Neben dem neuen iPad hat Apple auch noch das Vorgängermodell im Sortiment und verkauft weiterhin das kleinste Modell der zweiten Generation. Das amerikanische Techblog AnandTech hat diesbezüglich interessante Informationen hervorgebracht und nachgewiesen, dass das kalifornische Unternehmen in der aktuell hergestellten WiFi-Version einen kleineren Prozessor verbaut als im originalen Modell. Apple hat die Bauweise des Prozessors von der originalen 45nm Größe auf die kleiner 32nm-Bauweise umgestellt. Diese Anpassung enthält dadurch zwar keine Verbesserung hinsichtlich der Geschwindigkeit, aber bringt eine deutlich bessere Akkuleistung mit sich.

Mit dem „neuen“ iPad der zweiten Generation, welche die Bezeichnung iPad 2,4 trägt, konnte AnandTech eine um etwas zwei Stunden erhöhte Akkulaufzeit feststellen. Die Steigerung konnte mit Hilfe des Benchmark-Tools Geekbench festgestellt werden und zeigte, dass das neue Tablet-Version rund 1,6 Stunde mehr Leistung im Web-Browser erreichen konnte. Bei dem intensiven Grafiktest konnte sogar eine Steigerung von etwa drei Stunden nachgemessen werden. Laut den Informationen von AnandTech sind die neuen Geräte anscheinend eher bei den offiziellen Vertriebspartner von Apple zu finden, als bei Apple selbst. Hierzulande gibt es darüber noch keine genauen Aussagen.

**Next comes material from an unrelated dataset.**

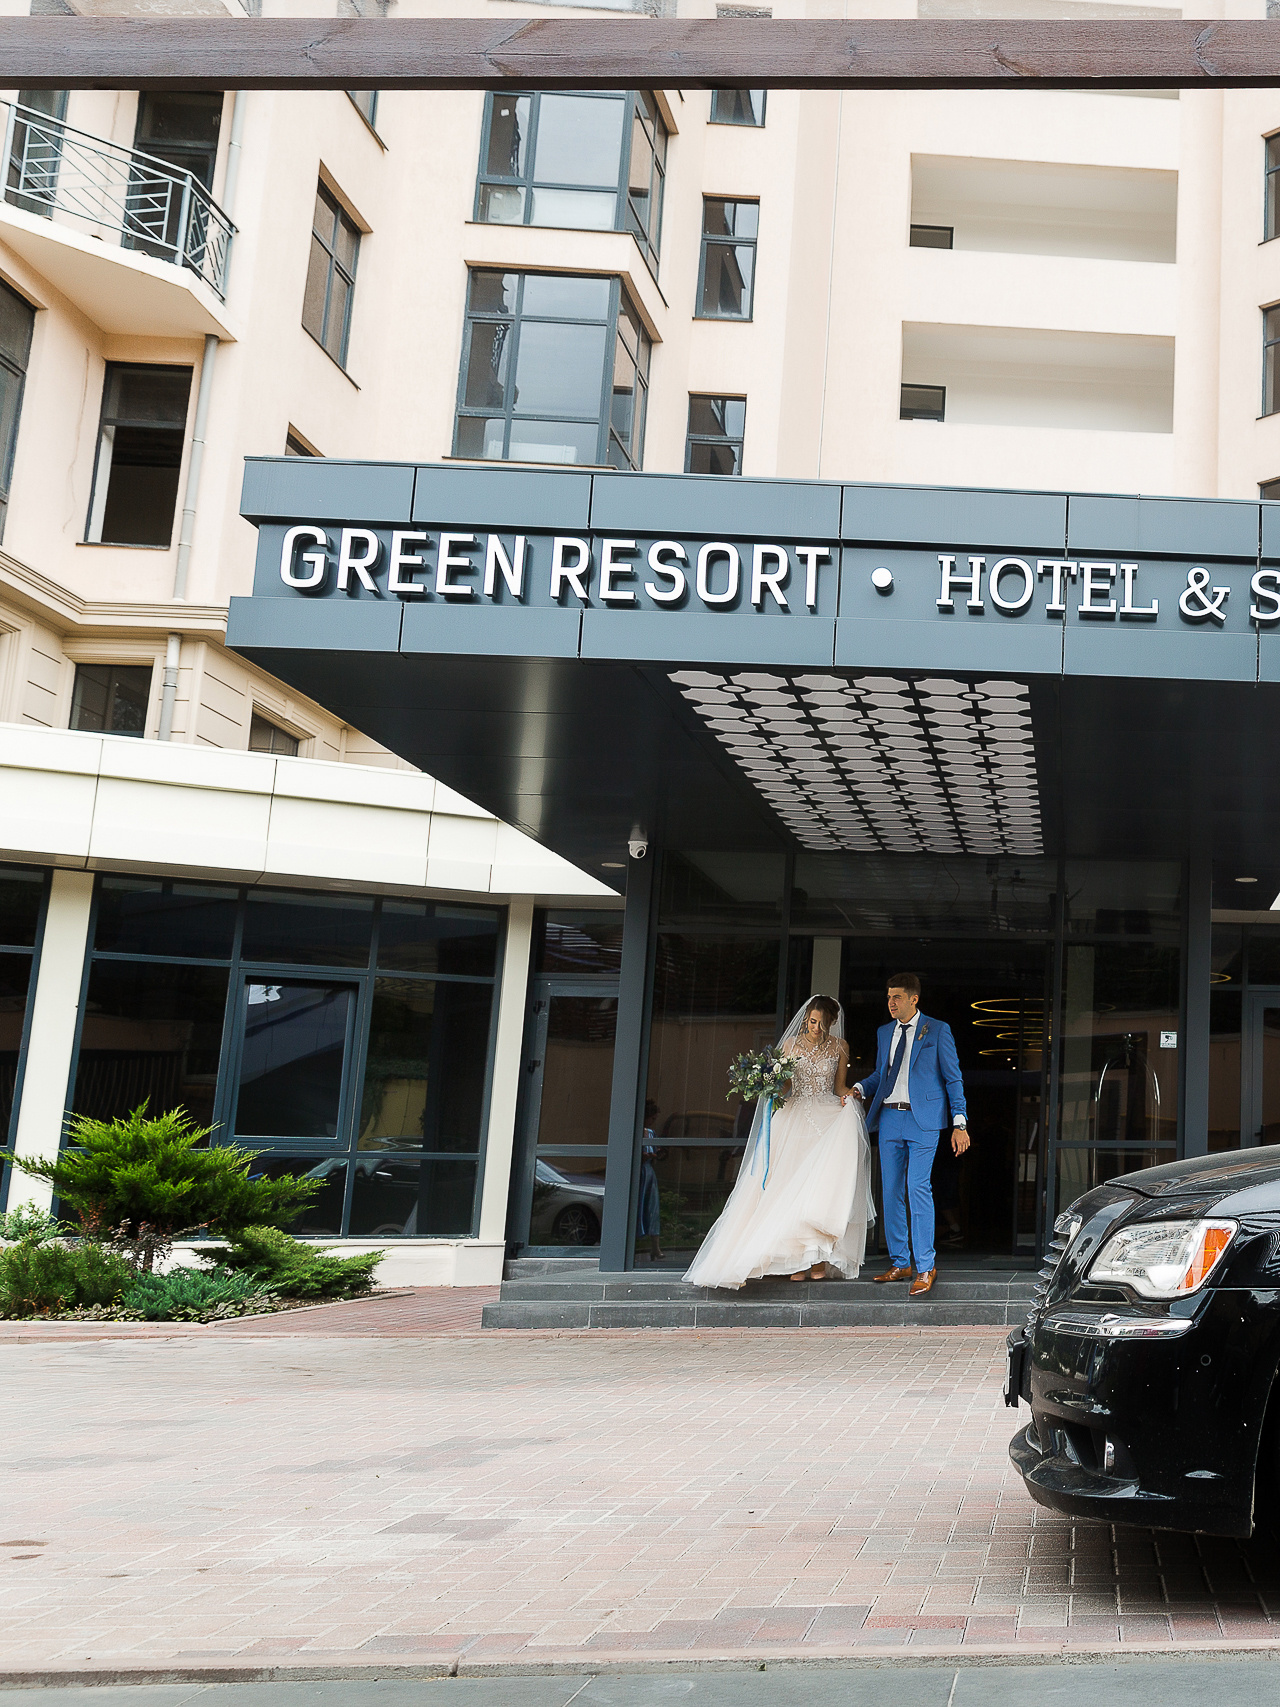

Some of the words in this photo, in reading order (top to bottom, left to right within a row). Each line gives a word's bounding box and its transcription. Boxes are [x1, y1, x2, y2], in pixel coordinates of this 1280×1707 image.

Der neue Prozessor wurde bislang aber noch nicht von Apple dokumentiert und eine Anpassung der ursprünglichen Akkulaufzeit wurde auch noch nicht durchgeführt. Allem Anschein nach wird Apple diese Angaben nicht aktualisieren, um den Kunden keine falschen Versprechungen vorzugeben. Ebenfalls kann äußerlich kein Unterschied zwischen den Prozessorvarianten erkannt werden.